_Task directions_.
Transcribe exactly the lines from the one containing "this 1640×1104 image." through the end of the entries, including both the first and the last, and nothing else.

Collection entries:

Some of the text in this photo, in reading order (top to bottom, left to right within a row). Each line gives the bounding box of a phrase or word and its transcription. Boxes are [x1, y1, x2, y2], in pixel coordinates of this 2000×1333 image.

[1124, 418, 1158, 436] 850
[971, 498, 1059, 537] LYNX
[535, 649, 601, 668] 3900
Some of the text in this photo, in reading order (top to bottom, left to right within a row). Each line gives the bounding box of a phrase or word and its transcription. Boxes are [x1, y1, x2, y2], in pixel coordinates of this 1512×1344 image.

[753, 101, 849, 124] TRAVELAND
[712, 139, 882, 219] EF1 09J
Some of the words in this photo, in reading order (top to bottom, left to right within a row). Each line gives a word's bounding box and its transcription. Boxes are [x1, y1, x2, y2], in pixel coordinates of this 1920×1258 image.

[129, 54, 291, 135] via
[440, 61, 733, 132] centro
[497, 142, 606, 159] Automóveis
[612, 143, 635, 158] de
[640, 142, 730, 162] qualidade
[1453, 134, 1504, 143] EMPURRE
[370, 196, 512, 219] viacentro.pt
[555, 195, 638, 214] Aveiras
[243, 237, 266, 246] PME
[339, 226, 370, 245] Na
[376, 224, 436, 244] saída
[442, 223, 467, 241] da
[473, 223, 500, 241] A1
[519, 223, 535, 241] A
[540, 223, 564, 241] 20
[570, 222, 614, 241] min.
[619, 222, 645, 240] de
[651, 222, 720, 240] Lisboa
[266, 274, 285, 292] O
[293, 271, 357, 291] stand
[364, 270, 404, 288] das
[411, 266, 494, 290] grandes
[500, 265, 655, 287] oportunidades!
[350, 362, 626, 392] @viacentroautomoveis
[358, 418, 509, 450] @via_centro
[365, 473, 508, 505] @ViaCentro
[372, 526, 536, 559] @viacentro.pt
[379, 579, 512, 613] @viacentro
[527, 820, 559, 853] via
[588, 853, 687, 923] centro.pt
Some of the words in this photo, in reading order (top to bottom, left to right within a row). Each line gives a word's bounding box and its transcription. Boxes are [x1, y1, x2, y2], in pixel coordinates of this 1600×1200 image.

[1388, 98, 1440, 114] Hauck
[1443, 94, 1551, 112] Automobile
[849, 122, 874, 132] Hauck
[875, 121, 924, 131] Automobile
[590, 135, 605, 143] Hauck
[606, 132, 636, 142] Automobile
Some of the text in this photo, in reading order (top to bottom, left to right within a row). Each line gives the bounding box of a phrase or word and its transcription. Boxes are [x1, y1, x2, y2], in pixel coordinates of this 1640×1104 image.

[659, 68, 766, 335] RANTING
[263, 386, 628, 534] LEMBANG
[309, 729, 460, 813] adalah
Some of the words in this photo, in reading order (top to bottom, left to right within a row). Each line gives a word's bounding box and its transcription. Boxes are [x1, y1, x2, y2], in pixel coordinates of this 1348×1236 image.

_Task solution_.
Some of the text in this photo, in reading order (top to bottom, left to right within a row). Each line gives the bounding box of a phrase or word and its transcription. Boxes are [x1, y1, x2, y2], in pixel coordinates of this 1640×1104 image.

[659, 68, 766, 335] RANTING
[263, 386, 628, 534] LEMBANG
[309, 729, 460, 813] adalah
Some of the words in this photo, in reading order (top to bottom, left to right within a row). Each line gives a word's bounding box and its transcription. Boxes are [x1, y1, x2, y2], in pixel coordinates of this 1348×1236 image.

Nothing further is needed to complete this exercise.